Globally, alcohol misuse is the most prevalent cause of advanced liver disease and liver-related mortality worldwide.⁽⁸⁾ In clear contrast with the recent advances in the management of other common causes of cirrhosis (i.e., HCV and HBV), little attention has been paid to alcoholic liver disease. It is not surprising that the burden of liver diseases as a cause of mortality is steadily increasing.^(20,21) We recently demonstrated that alcohol receives scant attention by the liver research community compared to other etiologies, such as viral hepatitis.⁽²²⁾ Identifying the main determinants of excessive alcohol consumption at a global scale can favor preventative measures at the public health level. Individual alcohol consumption is influenced by a vast range of phenomena, from genetic conditionings to historical and geographic characteristics. Traditionally, it has been widely accepted that colder countries have higher alcohol consumption and alcohol-related organ damage. However, this general assumption has not been decisively proven. In this study, we investigated a possible causal effect of climate parameters (temperature and sunshine hours) on alcohol consumption (quantity and patterns) at a population level. To address this question, we used a wide array of available data, including climate parameters from official sources, both globally and in the United States in order to minimize the risk of bias. We encountered some difficulties in collecting climate parameters at the local level, especially at the county level in the United States. This study is based on a secondary analysis of preexisting data. We attempted to ensure consistency by using the same time frame for all abstracted data. Whenever possible, we used the same alcohol health indicators related to alcohol consumption at the U.S. and worldwide levels, but available variables were not always homogeneous.

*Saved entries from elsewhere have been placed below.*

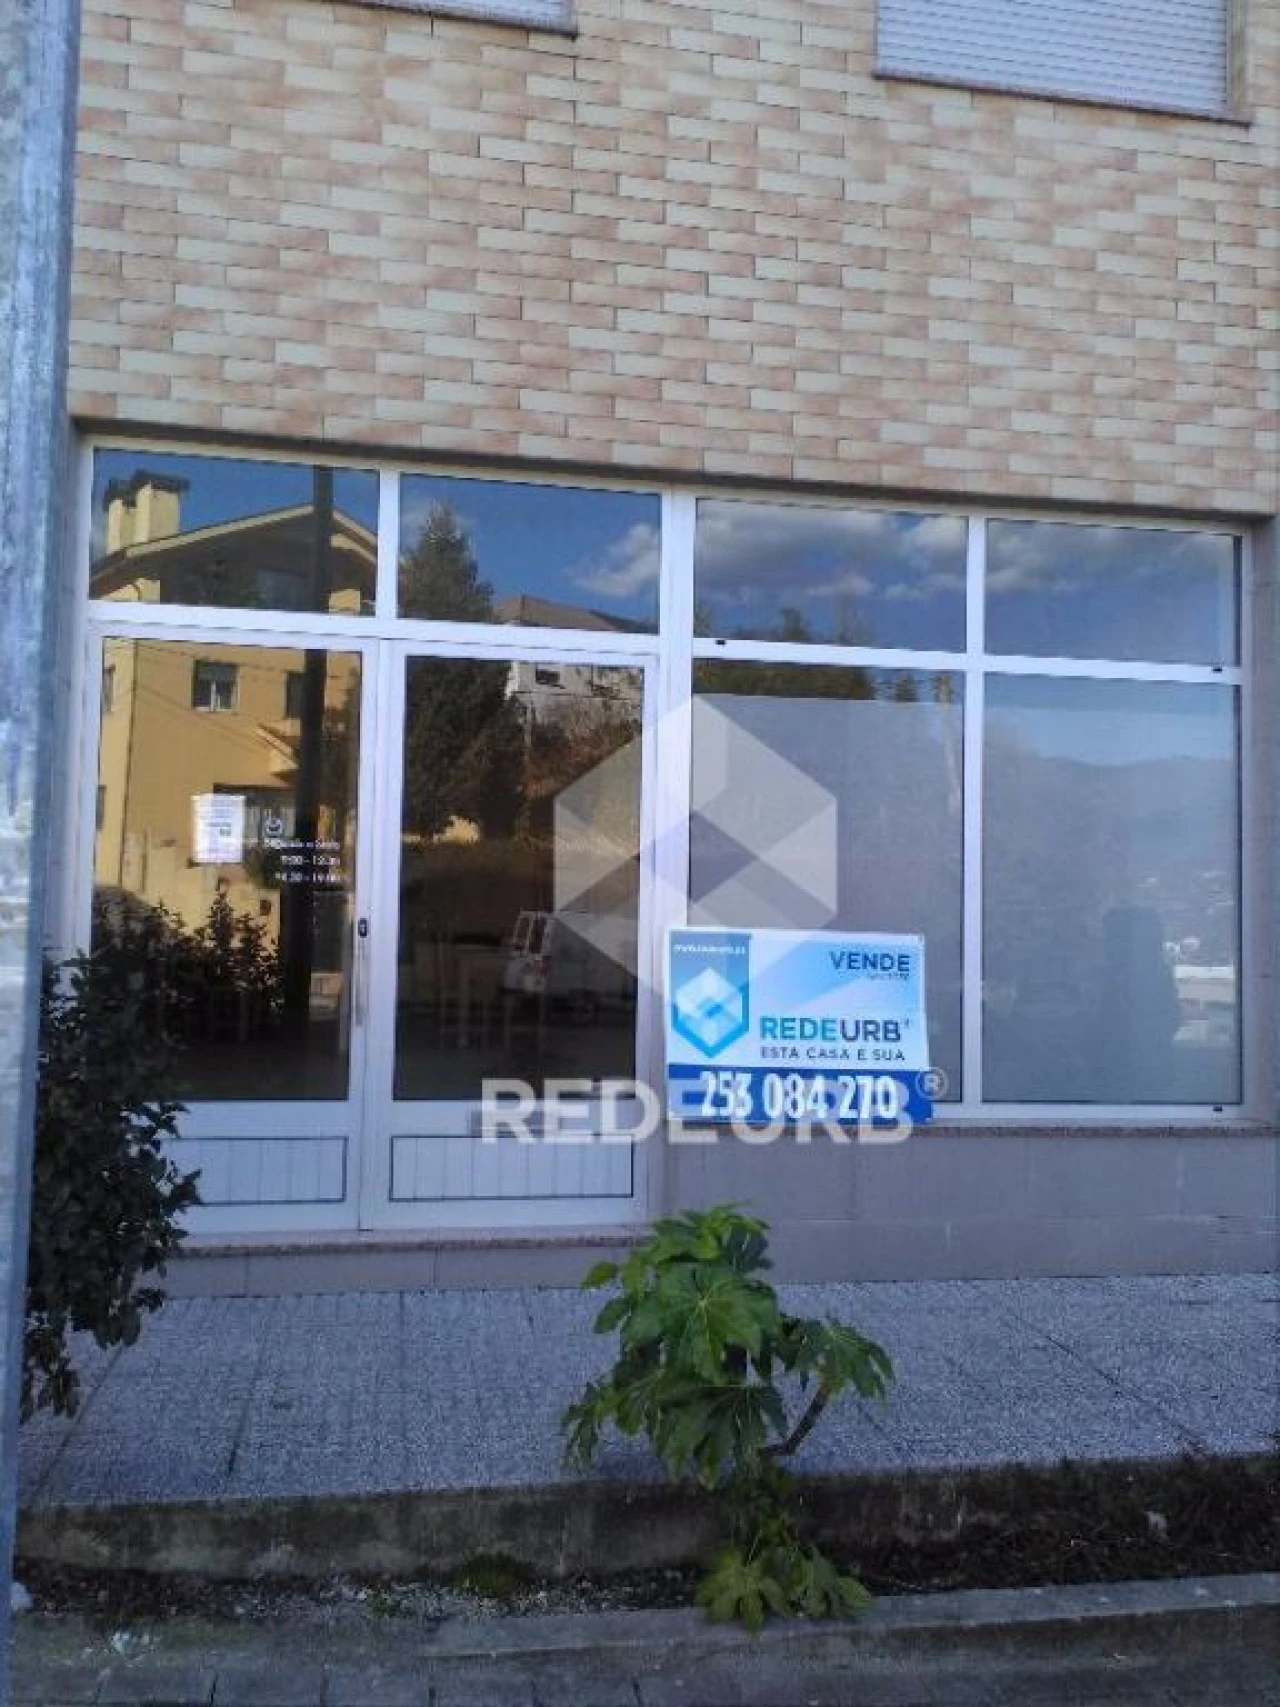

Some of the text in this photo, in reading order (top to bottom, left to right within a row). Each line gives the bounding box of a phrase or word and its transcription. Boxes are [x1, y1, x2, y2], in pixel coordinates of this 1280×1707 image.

[829, 950, 911, 972] VENDE
[760, 1016, 902, 1043] REDEURB
[759, 1046, 801, 1059] ESTA
[806, 1046, 850, 1060] CASA
[872, 1048, 906, 1061] SUA
[701, 1070, 899, 1119] 253 084 270
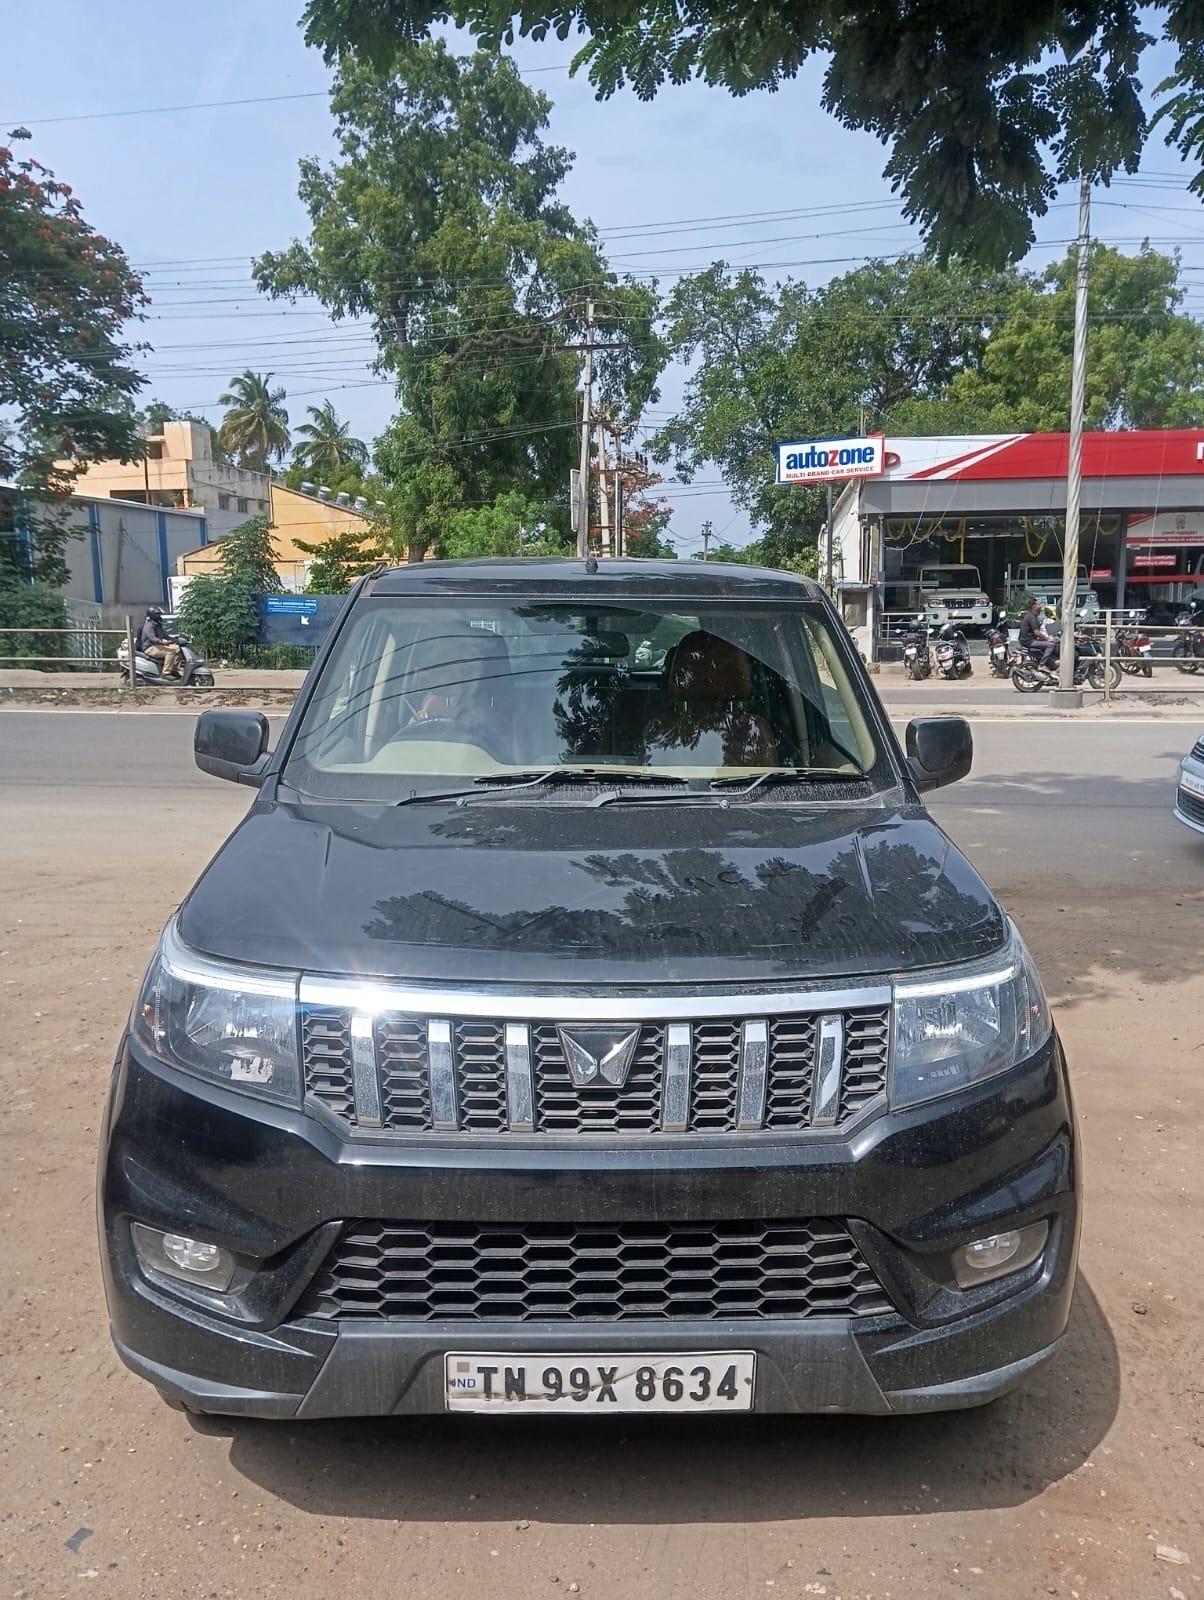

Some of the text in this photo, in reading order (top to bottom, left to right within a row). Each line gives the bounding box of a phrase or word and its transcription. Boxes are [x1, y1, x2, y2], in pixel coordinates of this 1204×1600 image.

[785, 445, 875, 470] autozone
[846, 465, 875, 474] SERVICE
[476, 1365, 738, 1402] TN 99X 8634

We consistently found that sunshine hours and especially temperature, have an impact on alcohol consumption and, even more importantly, on the percentage of drinkers among a population. The proportion of heavy episodic drinkers among a population is not clearly affected by climate parameters when adjusted for possible confounders. It is important to highlight that although most alcohol consumption-related variables are intimately related, each variable has its own unique value. For example, heavy episodic drinking is known to exacerbate the effects of obesity in promoting advanced liver disease.^(23–24)

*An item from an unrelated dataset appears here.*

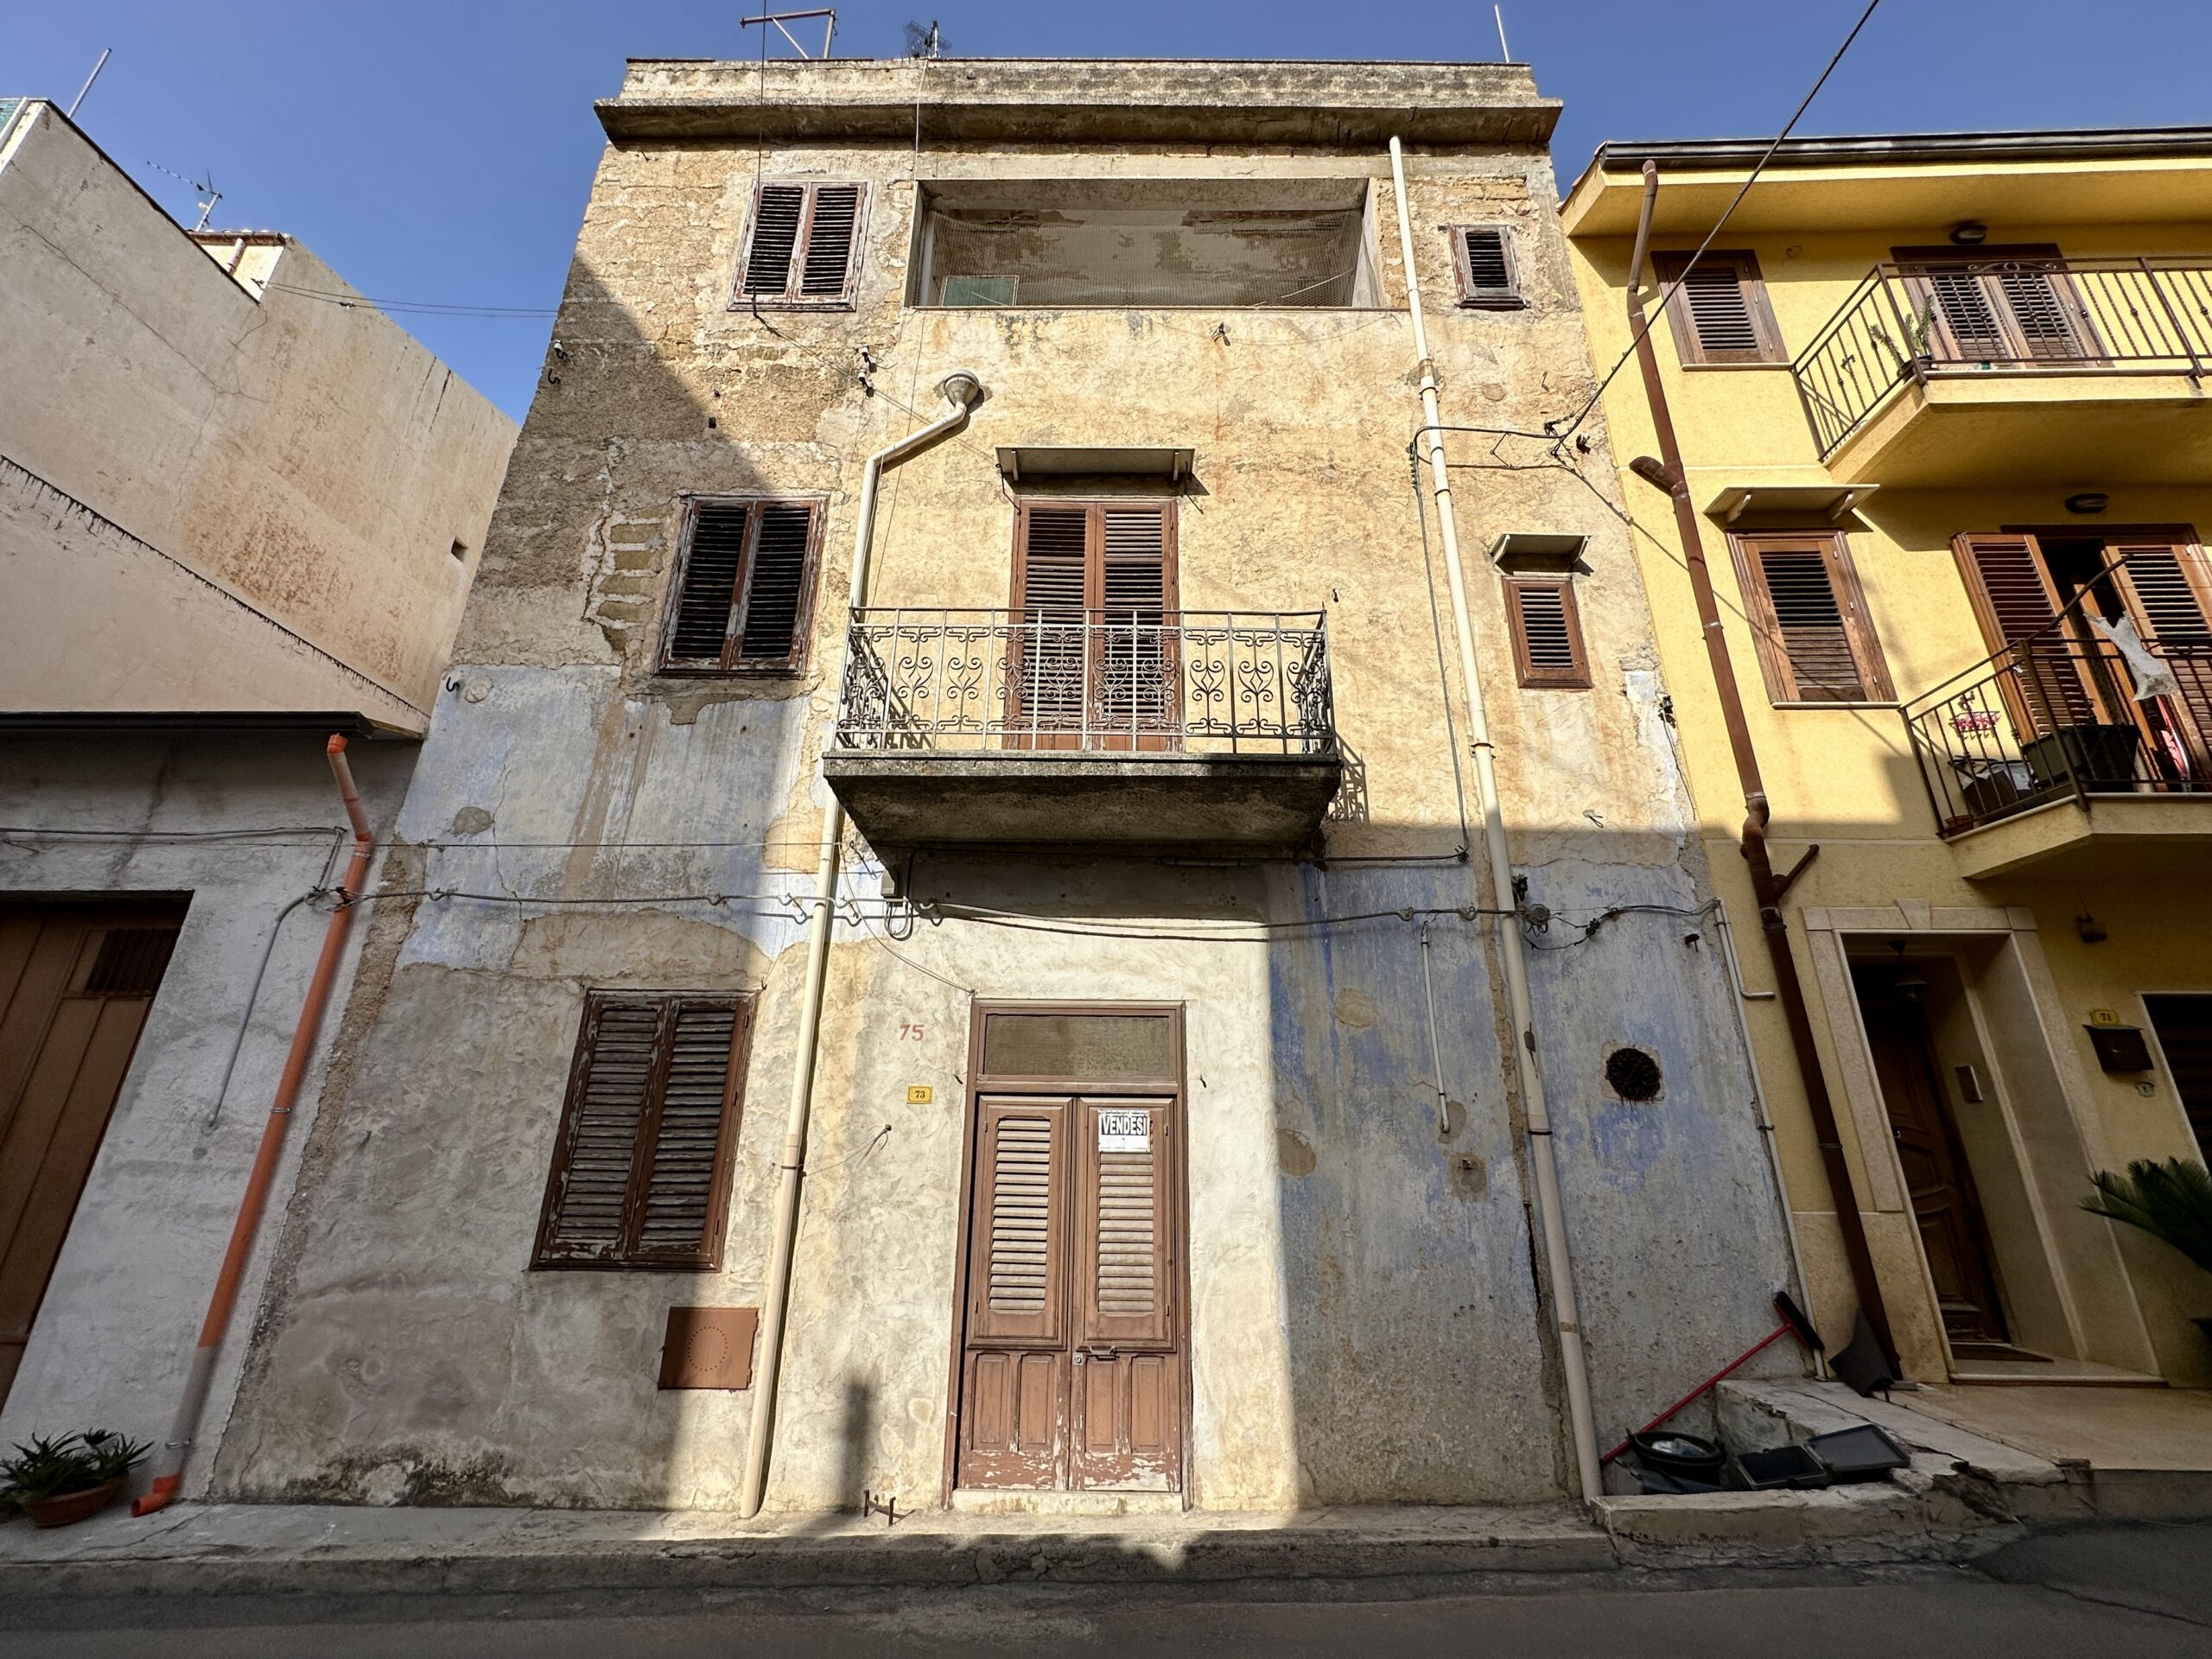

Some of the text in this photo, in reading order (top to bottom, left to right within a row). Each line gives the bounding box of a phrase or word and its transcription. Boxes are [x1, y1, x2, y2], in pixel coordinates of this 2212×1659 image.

[899, 1024, 925, 1041] 75
[914, 1090, 925, 1099] 73
[1102, 1116, 1147, 1135] VENDESI

Obviously, climate variables are not the only parameters that impact alcohol consumption at the population level. Other factors, such as religion, economic, educational, or cultural influences, may have a major impact in some countries. Therefore, we controlled the analysis by multiple possible confounders, such as religion (Muslim countries where the reported alcohol consumption is negligible) and IHDI. Even though we controlled for potential confounders, the role of other potential residual confounding factors, such as the type and number of alcohol policies by country, cannot be ruled out. Further studies should specifically investigate the impact of sociocultural parameters, including religion, on the prevalence of alcohol use disorder and alcoholic cirrhosis.

In addition to a global analysis, we performed a focused study at a lower geographical scale. Although the United States is an enormous country comprising several different climate types, it shares many sociocultural aspects. Therefore, it was not surprising that the correlations between climate and alcohol consumption parameters were somehow weaker than in the global study. It is important to take into consideration that the IQR for temperature and annual sunshine hours in the United States was 7.8°C and 460 hours, respectively much lower than 14.8°C and 866 hours in the global study. Moreover, the warmest regions in the United States (Hawaii and Florida) are recreational areas, so cultural factors may have a deep impact on alcohol consumption parameters within those areas. Religious beliefs could be a contributing factor in the United States where areas with the least alcohol intake, such as Utah or states in the southeast, are densely populated by believers in different branches of the Christian religion that do not condone alcohol intake. Another quality of the United States is the high interstate mobility of its population. Unfortunately, we did not have specific data regarding interstate mobility. In addition, in some states, alcohol policies are particularly strict. Independently of the confounding factors, however, a strong correlation between temperature and age-standardized prevalence of heavy and binge drinking, as well as liters of alcohol consumption, reinforces the role of temperature. It is plausible that other large countries with climate diversity have similar behaviors in terms of climate influence on alcohol consumption.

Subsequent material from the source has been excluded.